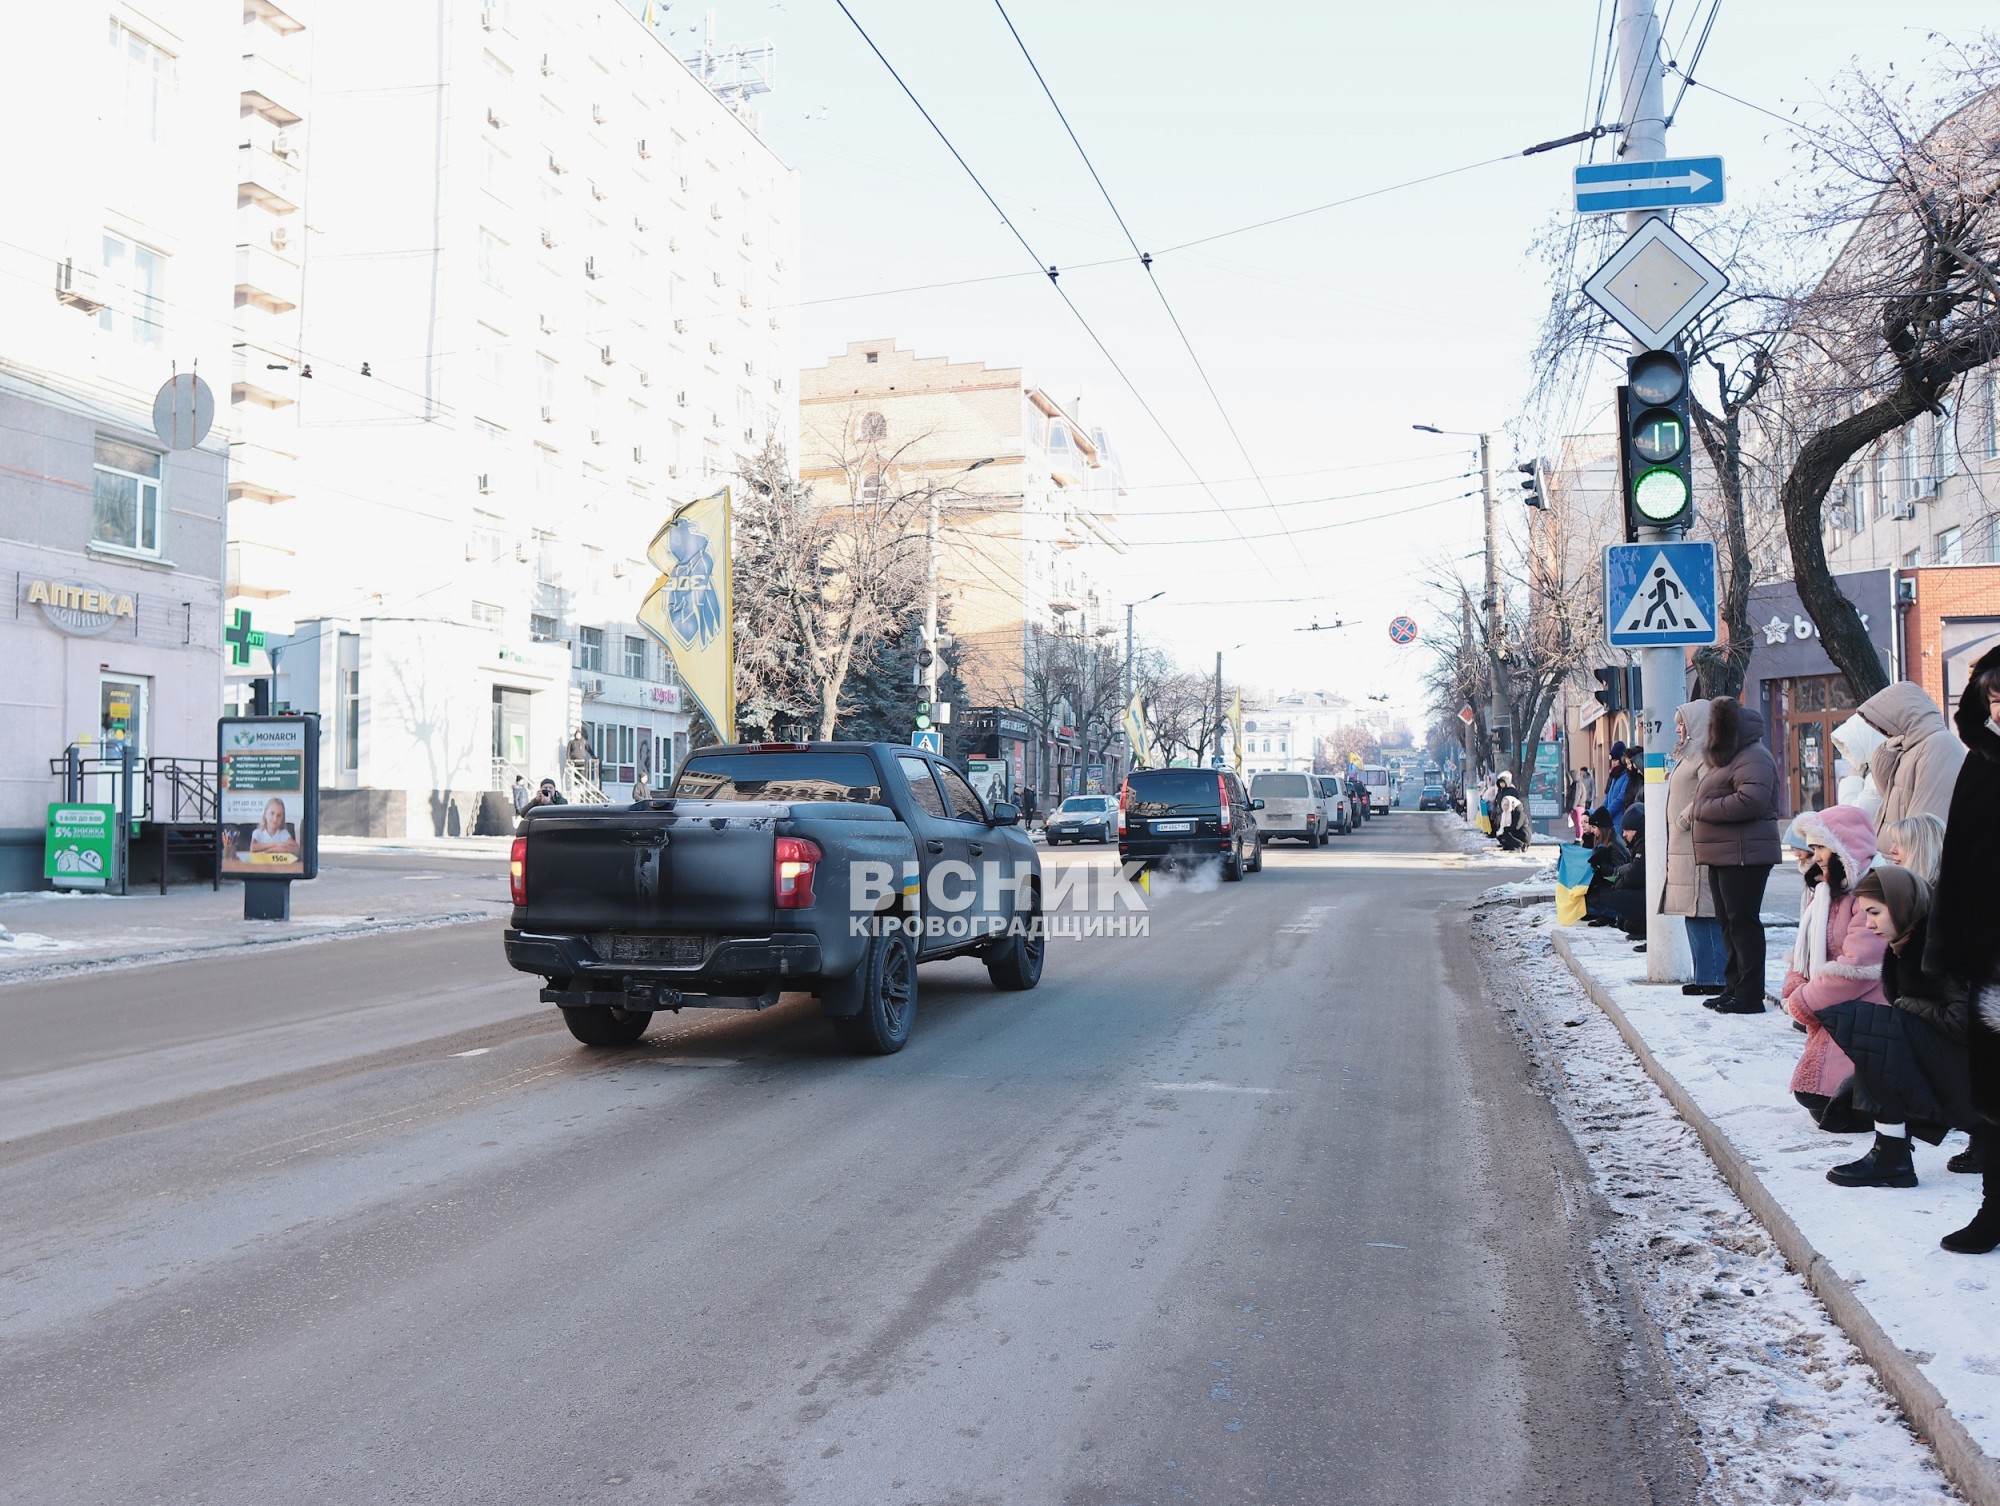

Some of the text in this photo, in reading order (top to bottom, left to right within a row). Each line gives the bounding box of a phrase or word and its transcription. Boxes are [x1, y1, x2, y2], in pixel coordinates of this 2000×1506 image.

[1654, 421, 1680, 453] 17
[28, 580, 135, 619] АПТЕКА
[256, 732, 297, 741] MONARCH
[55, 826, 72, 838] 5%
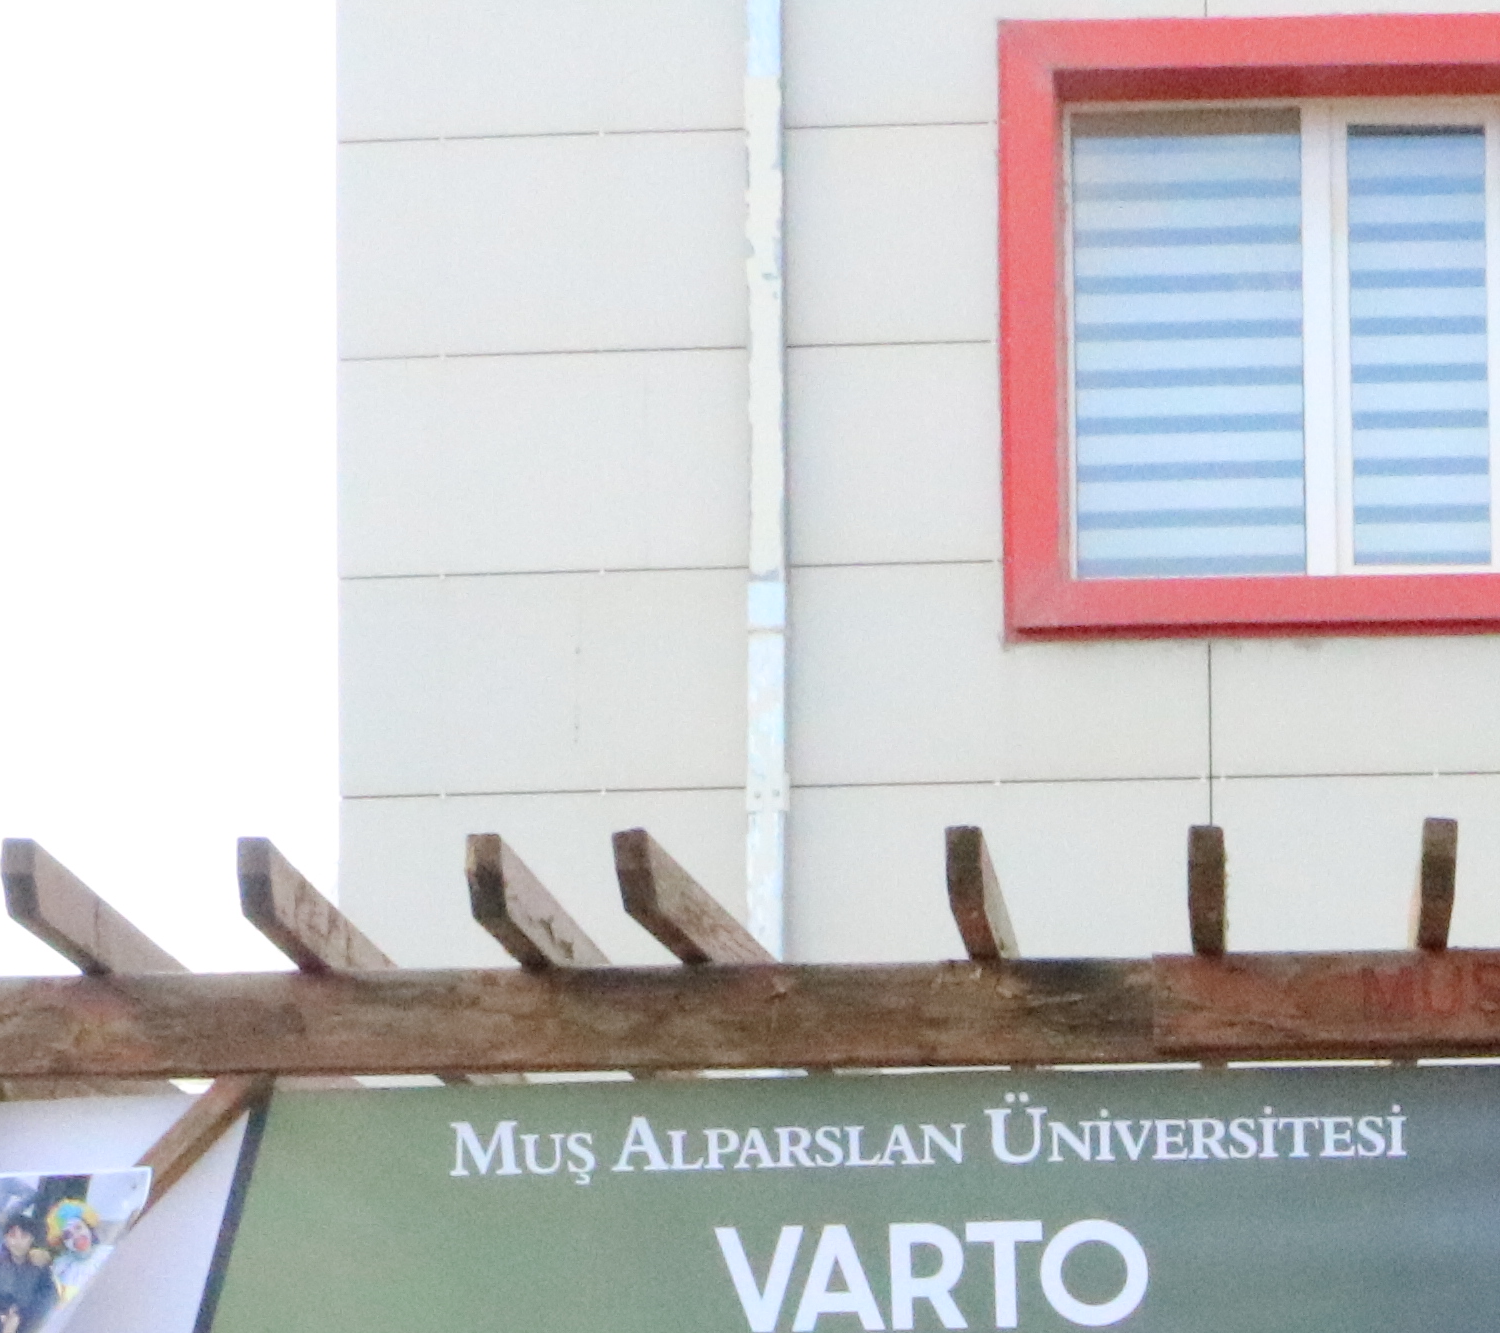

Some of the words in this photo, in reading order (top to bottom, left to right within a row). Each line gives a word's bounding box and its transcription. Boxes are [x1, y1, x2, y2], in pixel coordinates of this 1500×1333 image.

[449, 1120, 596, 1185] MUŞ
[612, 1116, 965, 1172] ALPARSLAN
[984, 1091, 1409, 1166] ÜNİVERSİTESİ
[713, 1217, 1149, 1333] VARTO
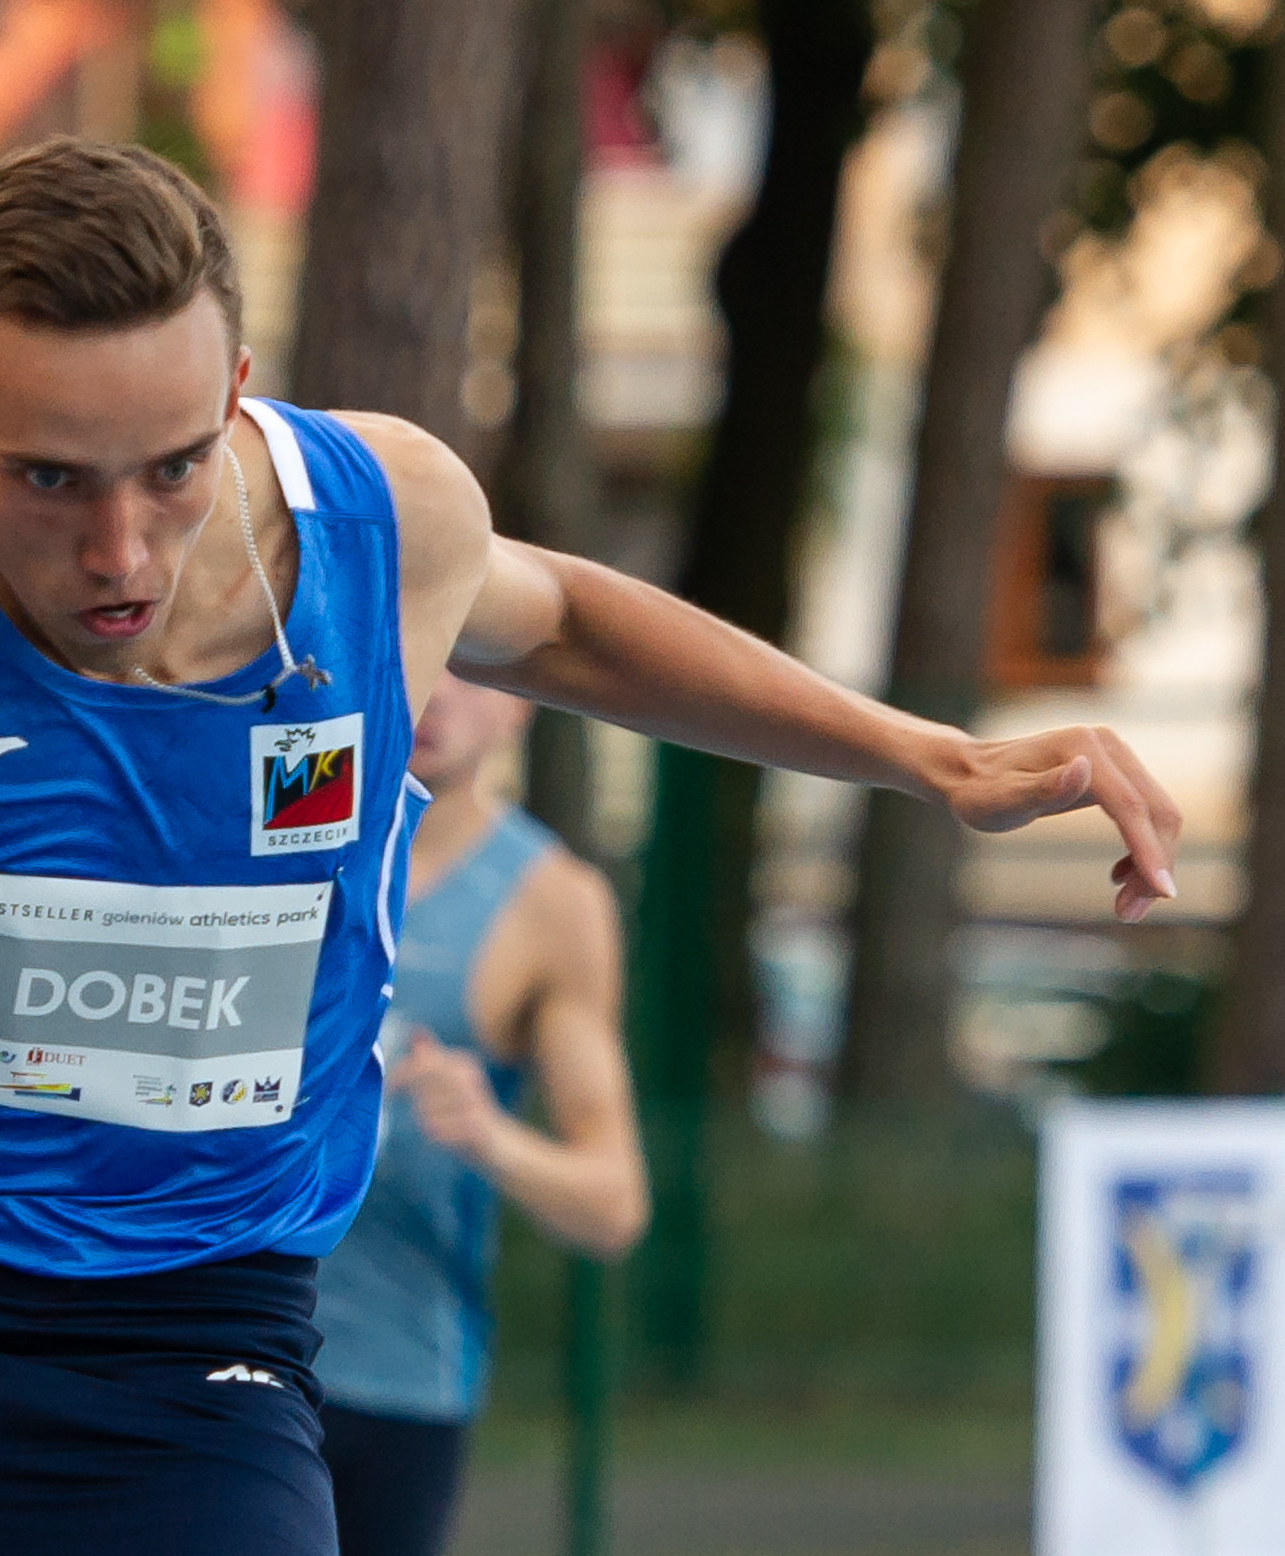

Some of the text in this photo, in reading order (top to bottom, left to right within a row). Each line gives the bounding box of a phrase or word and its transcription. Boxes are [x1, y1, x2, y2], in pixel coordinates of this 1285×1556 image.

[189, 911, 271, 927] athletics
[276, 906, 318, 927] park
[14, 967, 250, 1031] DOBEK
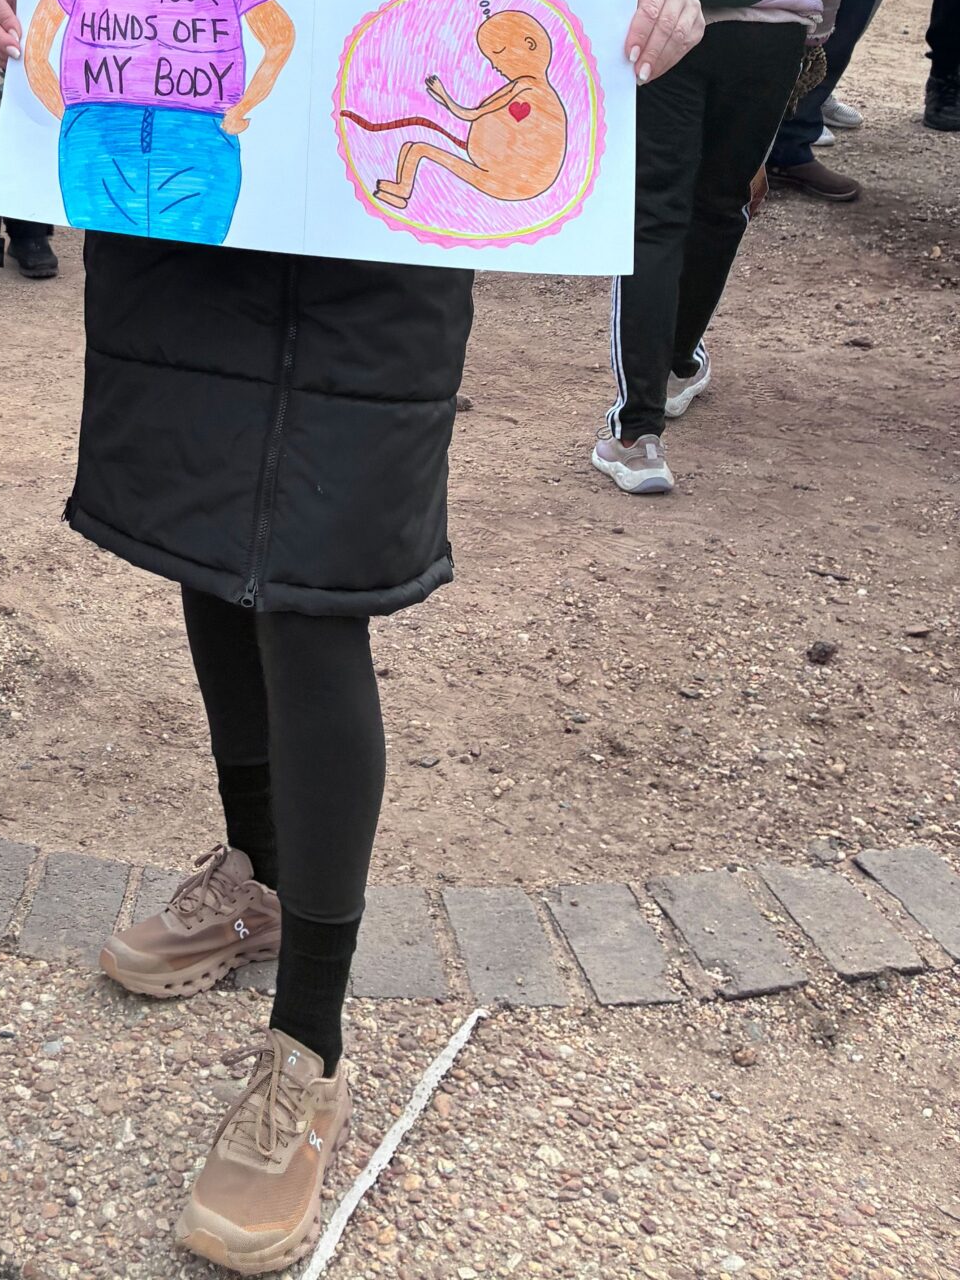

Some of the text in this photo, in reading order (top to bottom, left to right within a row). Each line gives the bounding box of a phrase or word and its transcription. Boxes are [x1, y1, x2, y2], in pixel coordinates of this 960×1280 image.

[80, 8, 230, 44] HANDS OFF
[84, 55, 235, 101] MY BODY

────────────────────────────────────────

Your task is to return every entry exactly as it was written, with the pictures removed.

■ Response area
Some of the text in this photo, in reading order (top to bottom, left to right within a row). Each line gives the bounding box of a phrase or word and its transcription. Boxes are [x1, y1, x2, y2], in pixel coordinates of this 2000×1506 image.

[1654, 421, 1680, 453] 17
[28, 580, 135, 619] АПТЕКА
[256, 732, 297, 741] MONARCH
[55, 826, 72, 838] 5%

Some of the words in this photo, in reading order (top to bottom, left to right within a row). Each line gives a word's bounding box and its transcription. Boxes are [x1, y1, x2, y2], in pixel coordinates of this 1500×1333 image.

[449, 1120, 596, 1185] MUŞ
[612, 1116, 965, 1172] ALPARSLAN
[984, 1091, 1409, 1166] ÜNİVERSİTESİ
[713, 1217, 1149, 1333] VARTO

Some of the text in this photo, in reading order (top to bottom, left to right within a row). Each line gives the bounding box of a phrase or word and its transcription. Boxes are [x1, y1, x2, y2], in pixel coordinates of this 1285×1556 image.

[189, 911, 271, 927] athletics
[276, 906, 318, 927] park
[14, 967, 250, 1031] DOBEK

Some of the text in this photo, in reading order (top to bottom, left to right within a row). Each line gives the bounding box of a phrase or word and its transcription. Boxes are [x1, y1, x2, y2], in pixel coordinates of this 960×1280 image.

[80, 8, 230, 44] HANDS OFF
[84, 55, 235, 101] MY BODY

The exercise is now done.